After looking up from his cellphone moment, his response was an acknowledgment, all right, as in a clearly presented middle finger in front of his rearview mirror before hitting the gas.

It was easy to resist returning the salute of what my lovely daughters Shannon and Katie once called “the bad finger” because, first, quite frankly, you just never know about the mental stability of those with whom you’re sharing the road, and, second, while sticks and stones may break my bones, names and gestures surely will not.

Stories that can be hashtagged road rage abound these days. Over the last several months, not one but two former NFL players, Will Smith , a defensive specialist who many of you Buckeye fanatics will remember before he was a New Orleans Saint, and Joe McKnight, a former USC star running back before his time toting the rock as a New York Jet, both were shot and killed in road-rage incidents in New Orleans.

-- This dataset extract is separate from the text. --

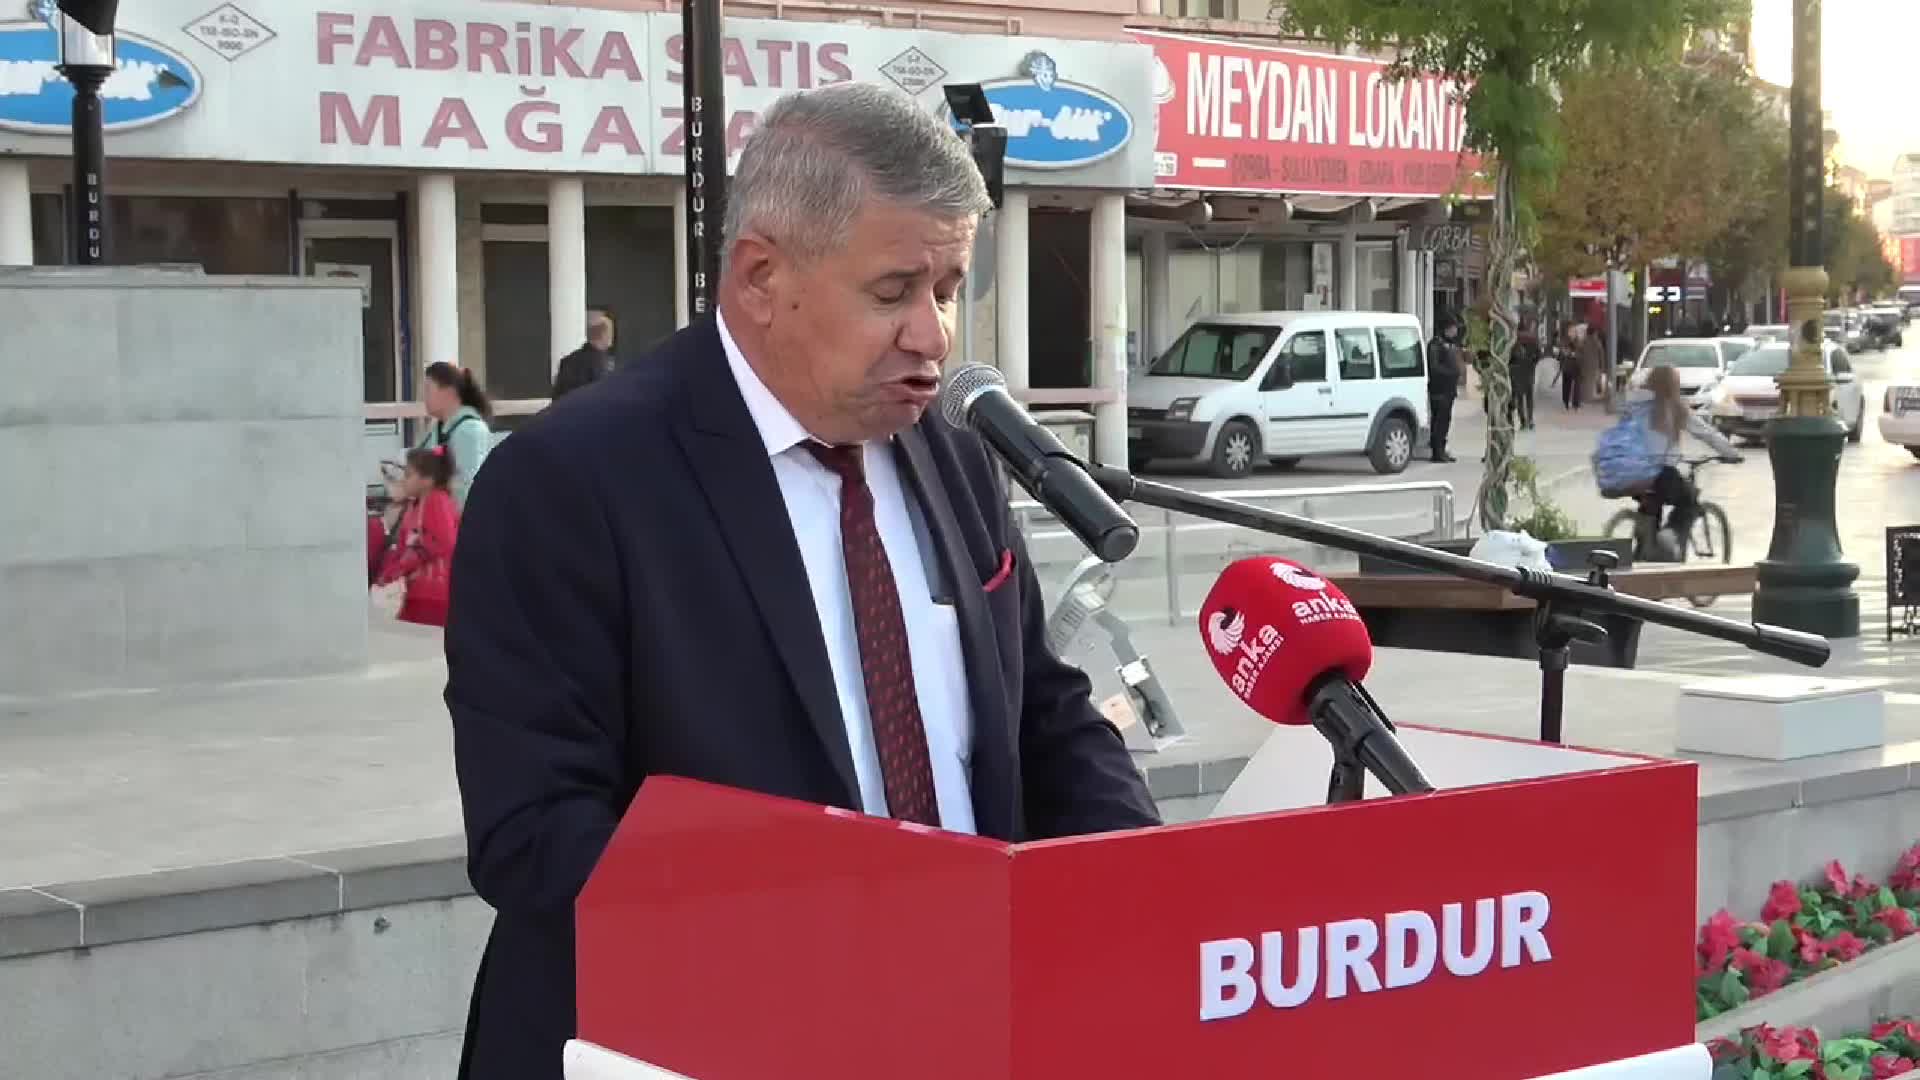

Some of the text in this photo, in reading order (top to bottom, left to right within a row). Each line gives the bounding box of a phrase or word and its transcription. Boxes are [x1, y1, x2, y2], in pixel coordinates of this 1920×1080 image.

Now, certainly my “finger” moment lies at the lowest end of the road-rage scale and only resulted in an indiscernible mental shake-of-the-head for me. Nonetheless, as far as I’m concerned, it’s still quite a disconcerting overreaction, especially because I can recall a handful of similar moments either driving in town or on the open highway when I also was on the receiving end of such a gesture.

Now, when it comes to how we react to one another as we go about our daily paces outside of our cars, I see a far different reaction. Routinely, people hold doors for those behind them, say, at the credit union, hand shopping carts to others in parking lots and, inside, allow others with just one or two items to go in front of them in checkout lines and also fills barrels at Christmastime for Toys for Tots and drop money in those red kettles for the Salvation Army. They are NOT standing there, giving each other the finger.

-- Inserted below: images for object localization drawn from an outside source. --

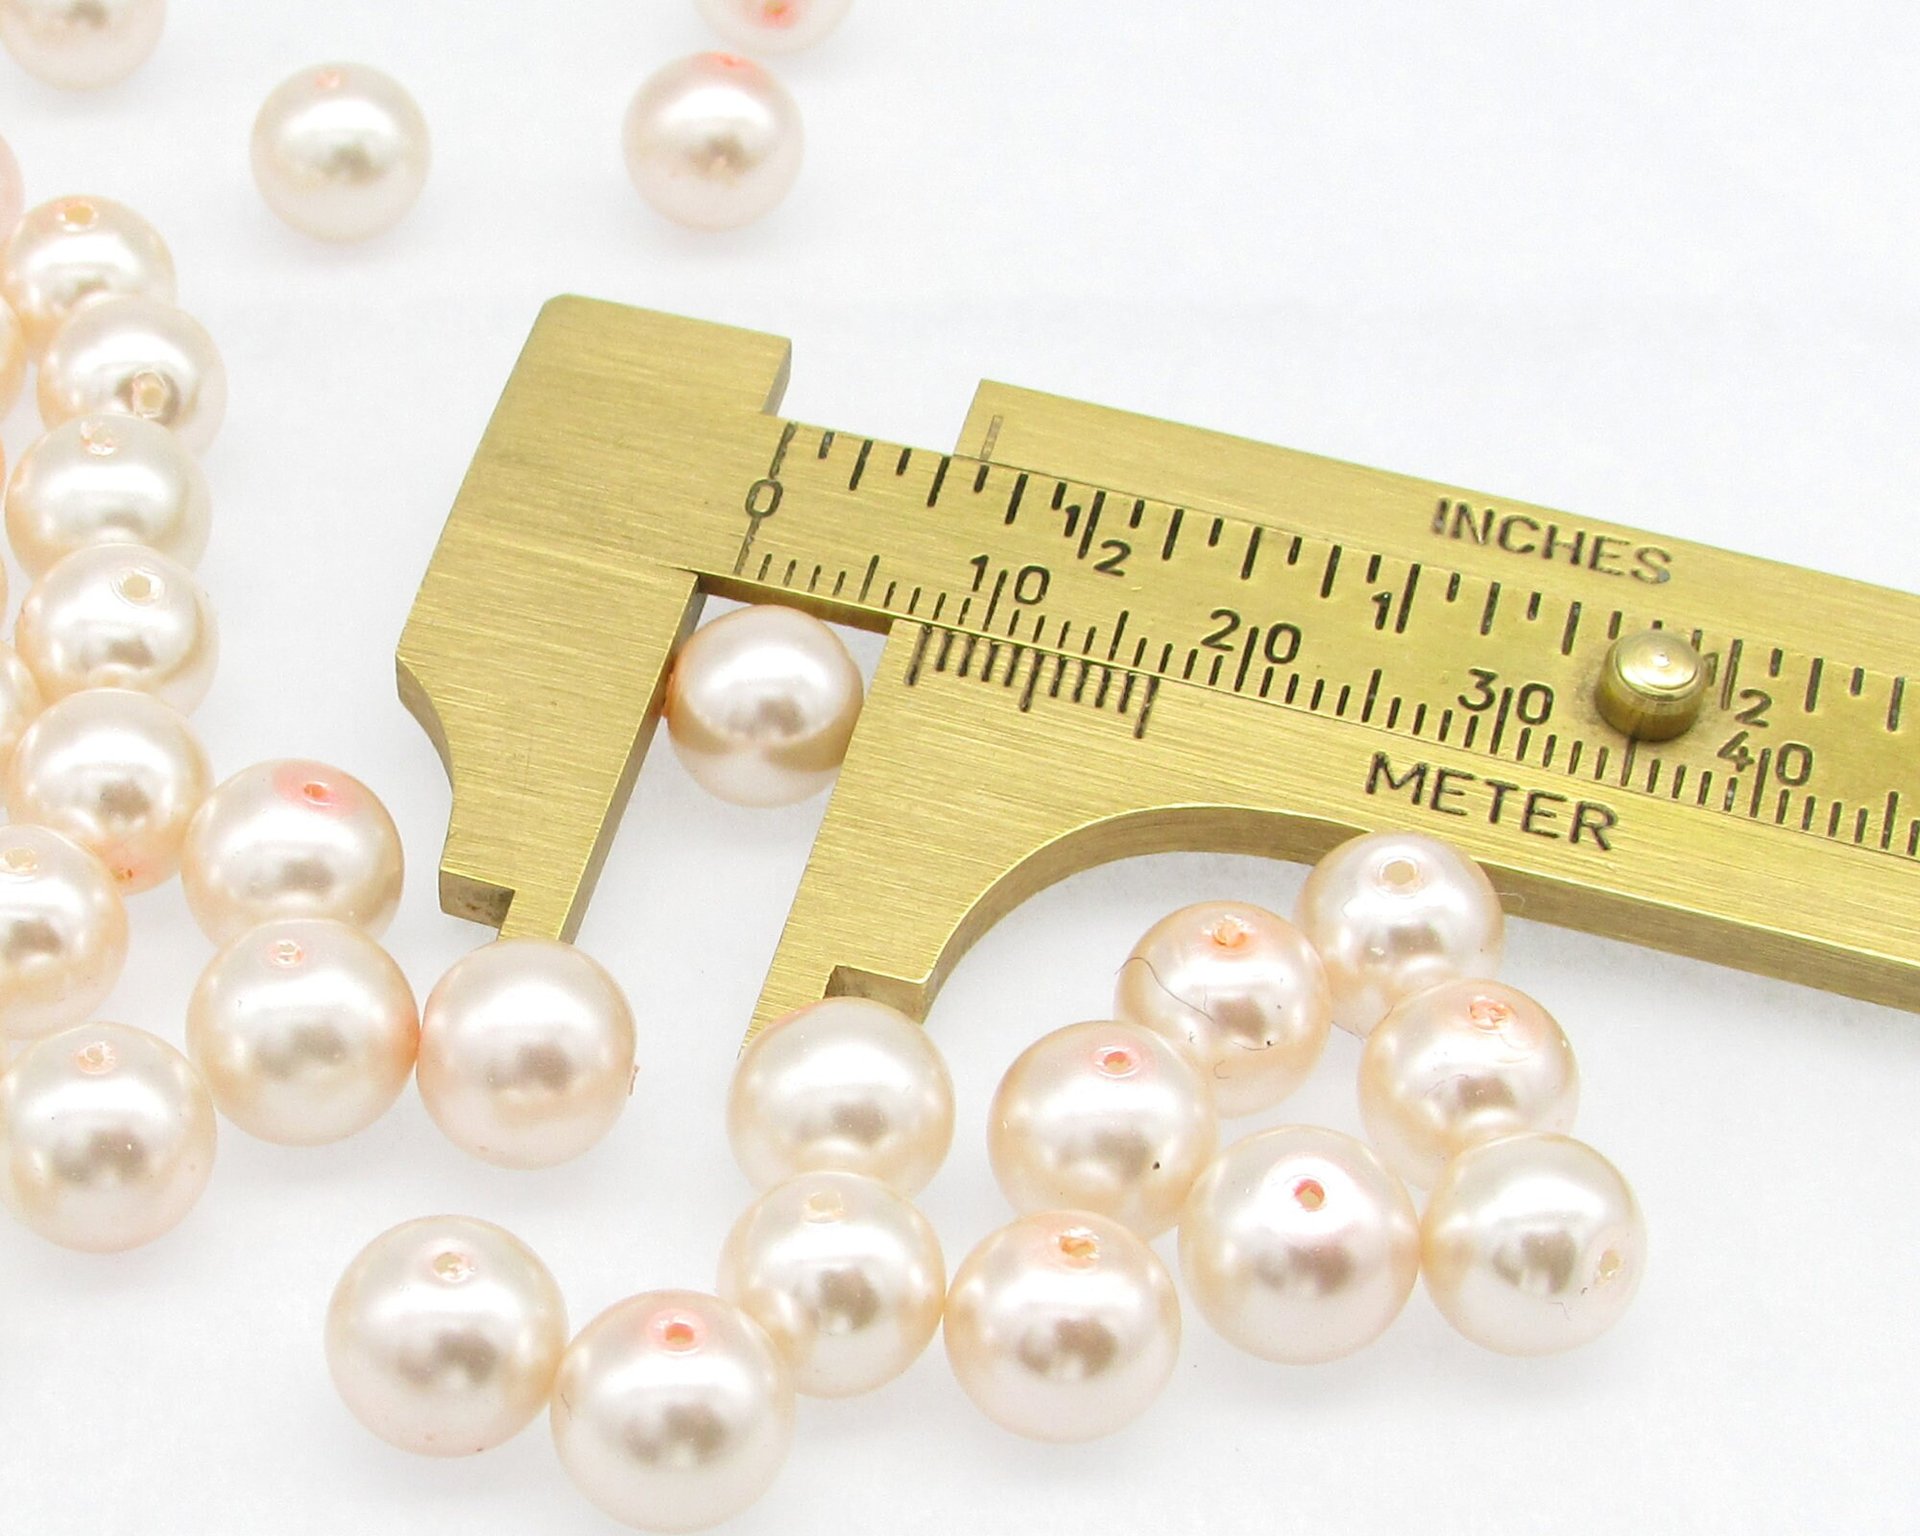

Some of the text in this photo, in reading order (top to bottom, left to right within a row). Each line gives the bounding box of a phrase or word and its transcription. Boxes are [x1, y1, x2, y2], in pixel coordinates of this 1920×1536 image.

[745, 477, 783, 518] 0
[1432, 497, 1672, 584] INCHES
[970, 554, 1050, 605] 10
[1200, 608, 1302, 665] 20
[1457, 667, 1554, 725] 30
[1365, 750, 1618, 851] METER

But something must change when many get into their cars, I think perhaps, because they aren’t face-to-face with others. The inside of the car is an insulated environment, one which solitude somehow detaches some drivers from the rest of humanity, in a sense, making them more likely to see the rest of us more as hindrances than brothers and sisters.

Those in the psychology field in the past several years have studied road rage, and much has been written. One such individual, psychotherapist Barry Markell, offers several tips as to its avoidance, among them getting more sleep as a means to improve alertness when we drive, another, of course, limiting alcohol and, another, leaving earlier when we need to get to our destinations, to reduce stress.

Two others I don’t have to be told by Markell, who admonishes never return an obscenity, either verbal or nonverbal, and always avoid any sort of sustained eye contact with those who do.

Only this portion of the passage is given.